When considering whether reasonable suspicion justified an investigatory stop, reviewing courts “must look at the ‘totality of the circumstances' of each case to see whether the detaining officer has a ‘particularized and objective basis' for suspecting legal wrongdoing. [Citation.] This process allows officers to draw on their own experience and specialized training to make inferences from and deductions about the cumulative information available to them that ‘might well elude an untrained person.’ [Citations.] . . . [T]he likelihood of criminal activity need not rise to the level required for probable cause, and it falls considerably short of satisfying a preponderance of the evidence standard. [Citation.]” (United States v. Arvizu (2002) 534 U.S. 266, 273-274.)
From the language used—“suspecting legal wrongdoing”—courts
recognize officers are allowed a degree of flexibility to conduct investigatory
stops in order to dispel uncertainty regarding wrongdoing. “A determination
that reasonable suspicion exists . . . need not rule out the possibility of
innocent conduct.” (United States v. Arvisu, supra, 534 U.S. 266,
277; see Illinois v. Wardlow (2000) 528 U.S. 119, 126 [law
governing detentions “accepts the risk that officers may stop innocent
people.”]) “The possibility of an innocent explanation does not deprive the
officer of the capacity to entertain a reasonable suspicion of criminal
conduct. Indeed, the principal function of his investigation is to resolve that
very ambiguity and establish whether the activity is in fact legal or illegal.
. . .” (In re Tony C. (1978) 21 Cal.3d 888, 894.)

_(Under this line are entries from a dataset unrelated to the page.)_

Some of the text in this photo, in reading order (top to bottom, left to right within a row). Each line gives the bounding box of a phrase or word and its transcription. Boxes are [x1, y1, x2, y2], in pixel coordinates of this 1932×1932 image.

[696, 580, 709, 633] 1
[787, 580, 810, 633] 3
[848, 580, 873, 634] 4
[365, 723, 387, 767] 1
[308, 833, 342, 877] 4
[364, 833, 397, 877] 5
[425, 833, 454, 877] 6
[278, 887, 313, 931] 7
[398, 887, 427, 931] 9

The DMV hearing officer found Officer Onderdonk had probable cause to stop Petitioner based in part on the absence of a front license plate on Petitioner’s vehicle. (AR 8.) The missing plate created a reasonable suspicion Petitioner had violated the law and justified Officer Onderdonk’s investigatory stop to determine Petitioner’s compliance with the law. The question then for this court is whether the weight of the evidence supports the administrative finding. Petitioner contends Officer Onderdonk was not a credible witness. (Opening Brief 5:16-6:13.)
Officer Onderdonk’s report specifically identified the lack of front license plate as one reason he conducted an investigatory stop of Petitioner. (AR 21.) Petitioner’s vehicle “caught [Officer Onderdonk’s] attention because it lost traction causing its tires to screech as it made a north bound turn . . . .” (AR 21.) Officer Onderdonk’s report was consistent with his testimony during the administrative hearing.[3] (AR 54-55.) Further, although a bit difficult to see because of the glare of headlights, the MVARS[4] video does not contradict Officer Onderdonk’s narrative—a front license plate appears to be missing. (Ex. C: 0:58, 1:00.) In addition, the video is clear Petitioner’s vehicle lost traction and fishtails as it makes the turn.[5] (Ex. C: 0:57-0:59.)

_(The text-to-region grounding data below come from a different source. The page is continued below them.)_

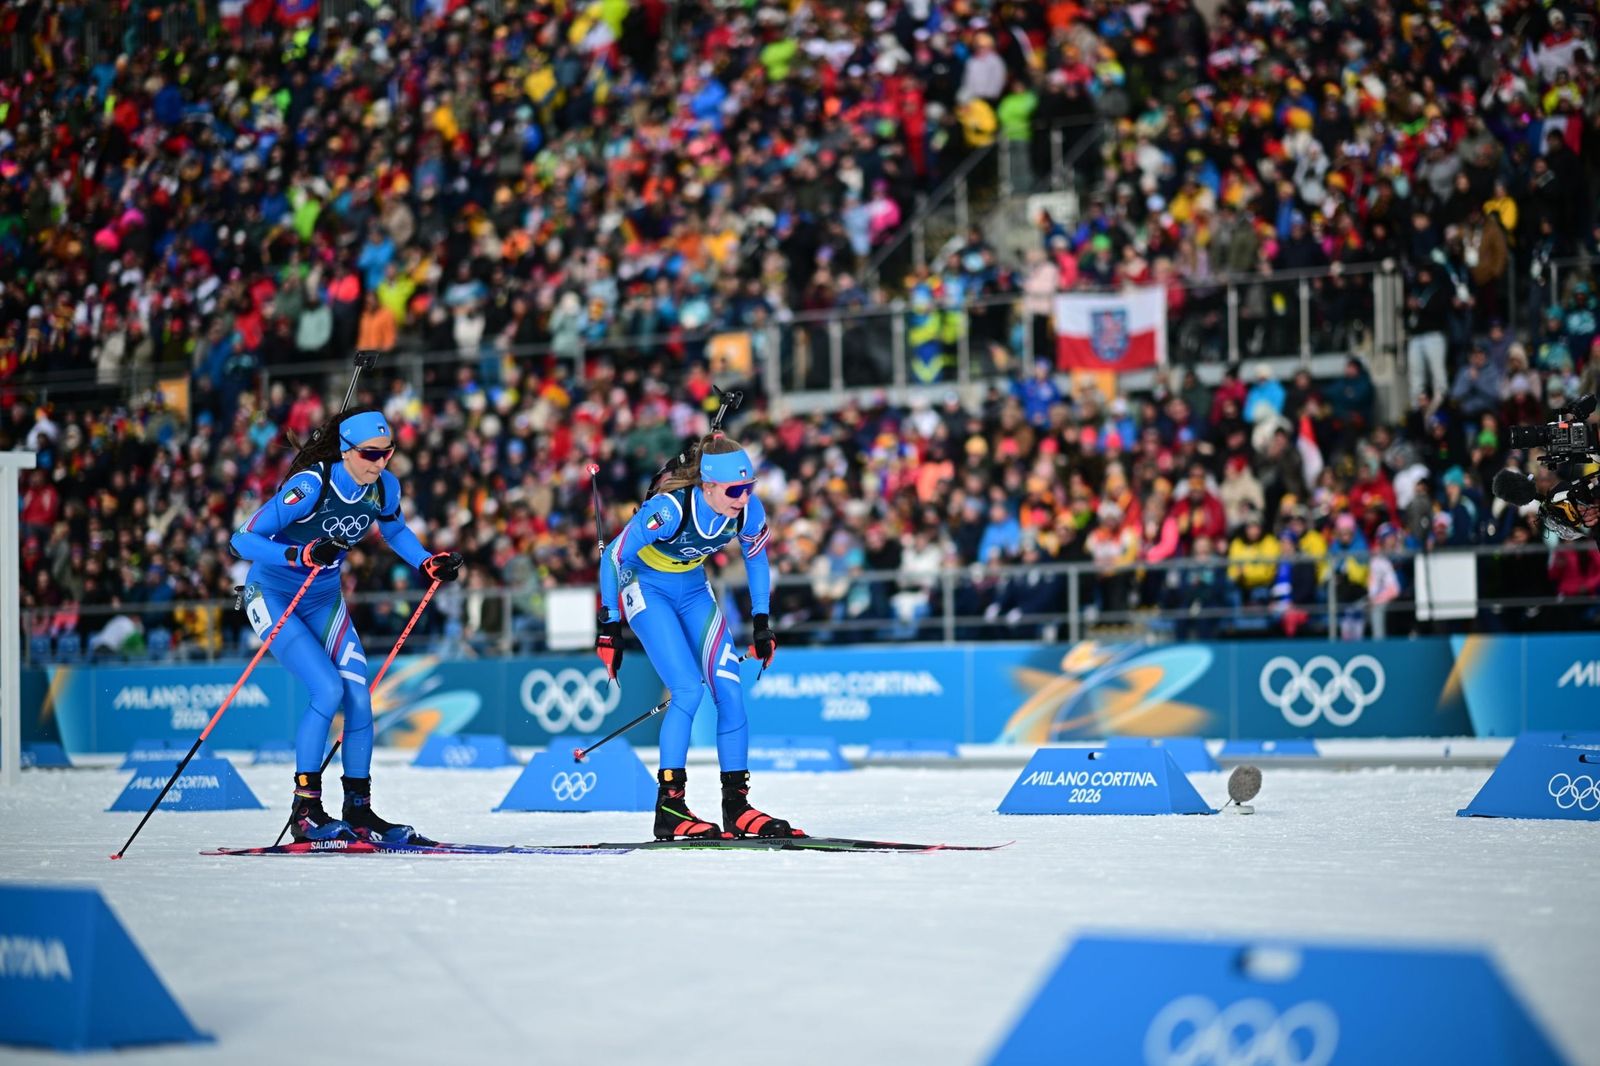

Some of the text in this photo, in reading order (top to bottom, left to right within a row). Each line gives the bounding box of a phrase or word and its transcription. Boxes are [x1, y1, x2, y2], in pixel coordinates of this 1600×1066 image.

[626, 593, 634, 607] 4
[252, 608, 261, 624] 4
[750, 671, 944, 698] MILANO CORTINA
[113, 685, 188, 710] MILANO
[820, 697, 870, 721] 2026
[177, 775, 219, 789] CORTINA
[1022, 771, 1158, 787] MILANO CORTINA
[1068, 788, 1102, 803] 2026
[310, 840, 348, 849] SALOMON
[0, 936, 73, 982] TINA

The court finds the weight of the evidence supports the DMV hearing officer’s implicit finding Officer Onderdonk was a credible witness. On this record, the court finds Officer Onderdonk to be a credible witness.[6]
In particular, the court notes Officer Onderdonk’s testimony was materially uncontradicted[7] and, more specifically, not contradicted by the video evidence. While the court may not have been able to clearly corroborate all of Officer Onderdonk’s testimony with the video, the video does not contradict Officer Onderdonk’s testimony. Thus, the court disagrees with Petitioner’s claim “Officer Onderdonk’s testimony [] is contradicted by his own MVARS.” (Opening Brief 6:20.)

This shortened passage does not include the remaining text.